Dataset entries:
+ + + + +
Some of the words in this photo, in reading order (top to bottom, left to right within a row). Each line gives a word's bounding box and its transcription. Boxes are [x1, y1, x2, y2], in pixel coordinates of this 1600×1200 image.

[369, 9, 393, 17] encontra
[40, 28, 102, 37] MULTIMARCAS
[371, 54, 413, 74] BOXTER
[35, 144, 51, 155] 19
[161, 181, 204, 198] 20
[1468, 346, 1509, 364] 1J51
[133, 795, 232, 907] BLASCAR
+ + + + +
> Assignment:
Each entry above is to be set down again in exactly the same words.

> Expected answer:
Some of the words in this photo, in reading order (top to bottom, left to right within a row). Each line gives a word's bounding box and its transcription. Boxes are [x1, y1, x2, y2], in pixel coordinates of this 1600×1200 image.

[369, 9, 393, 17] encontra
[40, 28, 102, 37] MULTIMARCAS
[371, 54, 413, 74] BOXTER
[35, 144, 51, 155] 19
[161, 181, 204, 198] 20
[1468, 346, 1509, 364] 1J51
[133, 795, 232, 907] BLASCAR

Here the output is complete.